__WORK TO BE COMPLETED__
Could you transcribe the records below exactly, leaving out every picture?

################

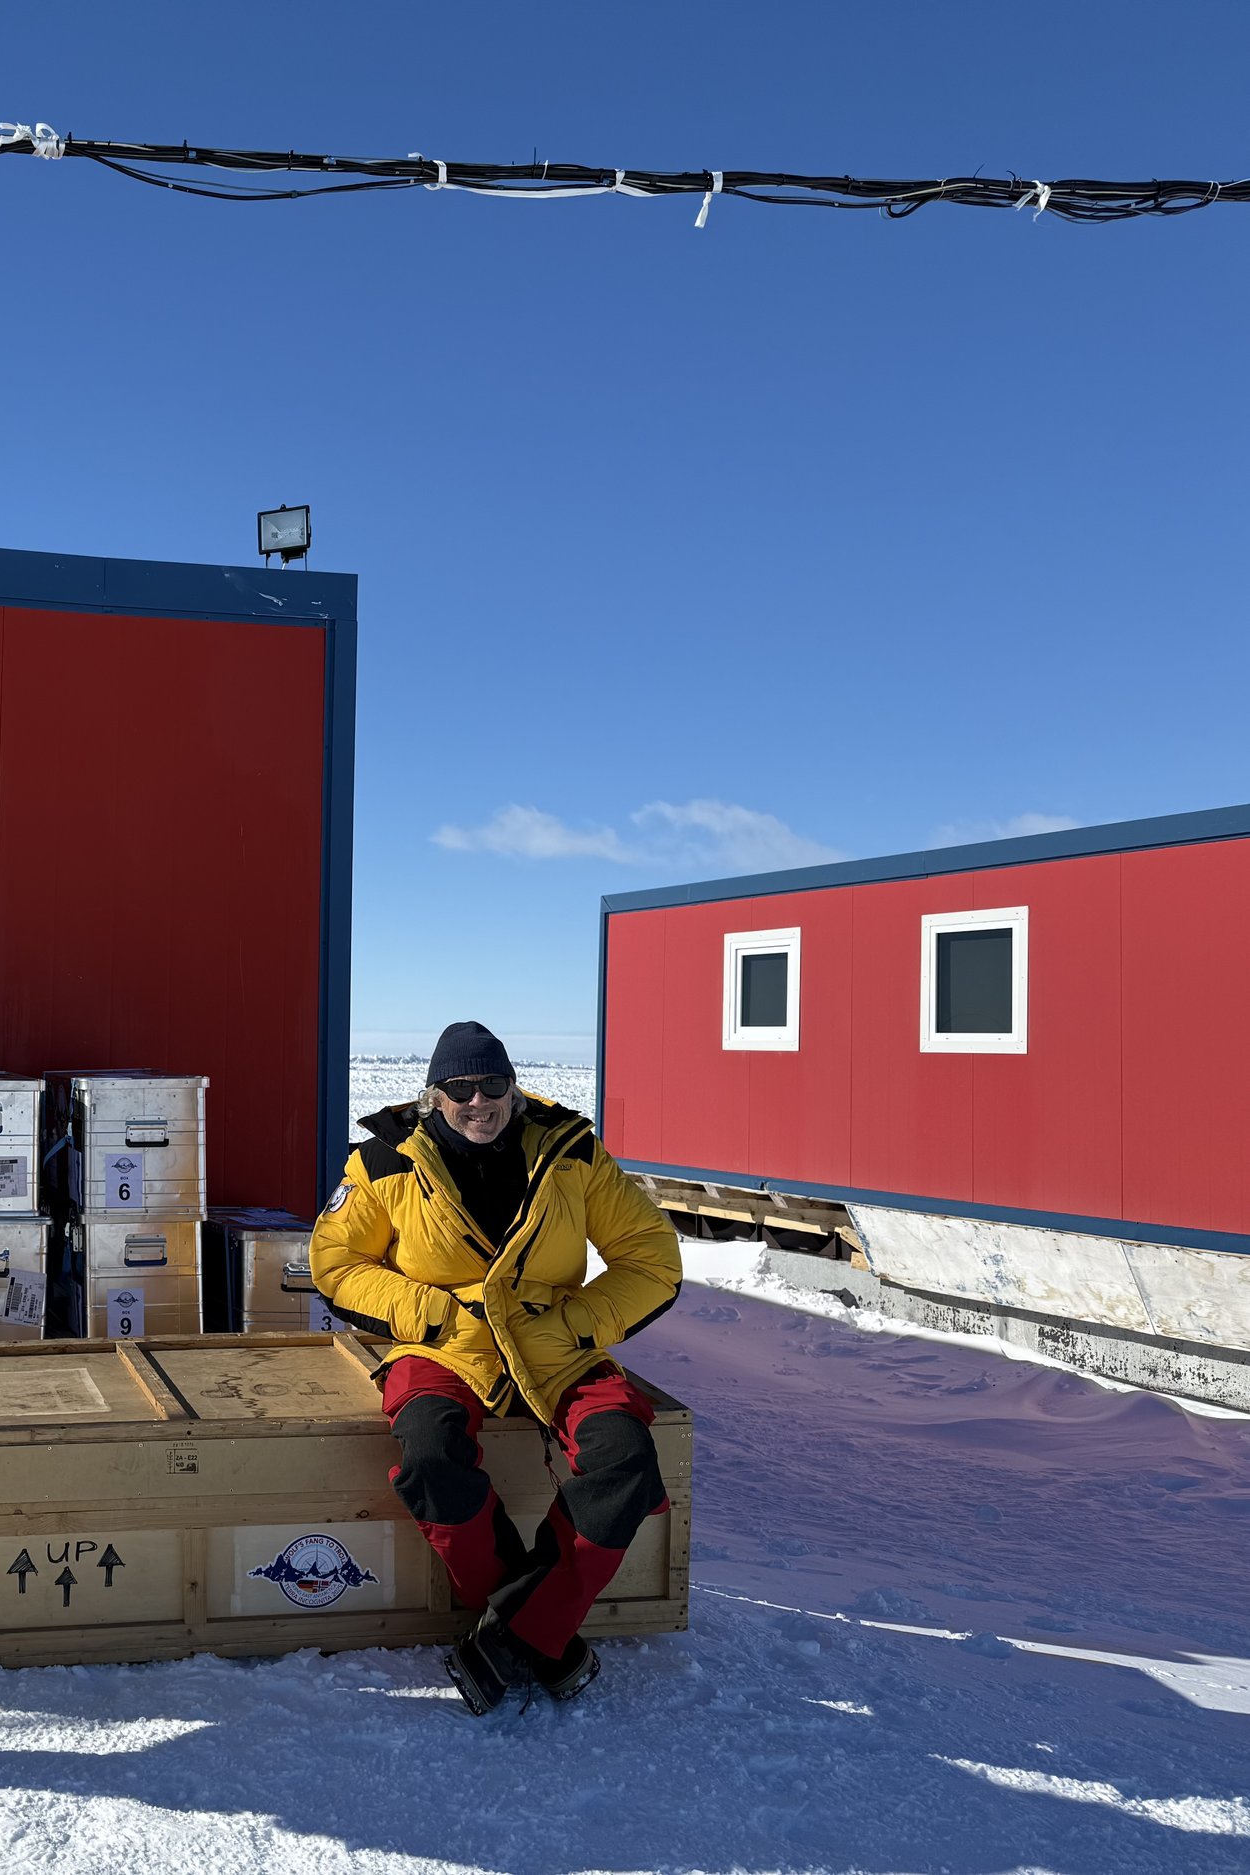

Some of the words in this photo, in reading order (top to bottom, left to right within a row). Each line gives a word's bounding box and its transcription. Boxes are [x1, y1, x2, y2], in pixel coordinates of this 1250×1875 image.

[119, 1183, 130, 1200] 6
[120, 1317, 131, 1335] 9
[321, 1316, 332, 1331] 3
[305, 1537, 324, 1545] FANG
[325, 1539, 335, 1549] TO
[47, 1540, 98, 1564] UP
[284, 1583, 299, 1600] TERRA
[298, 1595, 332, 1605] INCOGNITA

################

__RESULT__
Some of the words in this photo, in reading order (top to bottom, left to right within a row). Each line gives a word's bounding box and its transcription. Boxes are [x1, y1, x2, y2], in pixel coordinates of this 1250×1875 image.

[119, 1183, 130, 1200] 6
[120, 1317, 131, 1335] 9
[321, 1316, 332, 1331] 3
[305, 1537, 324, 1545] FANG
[325, 1539, 335, 1549] TO
[47, 1540, 98, 1564] UP
[284, 1583, 299, 1600] TERRA
[298, 1595, 332, 1605] INCOGNITA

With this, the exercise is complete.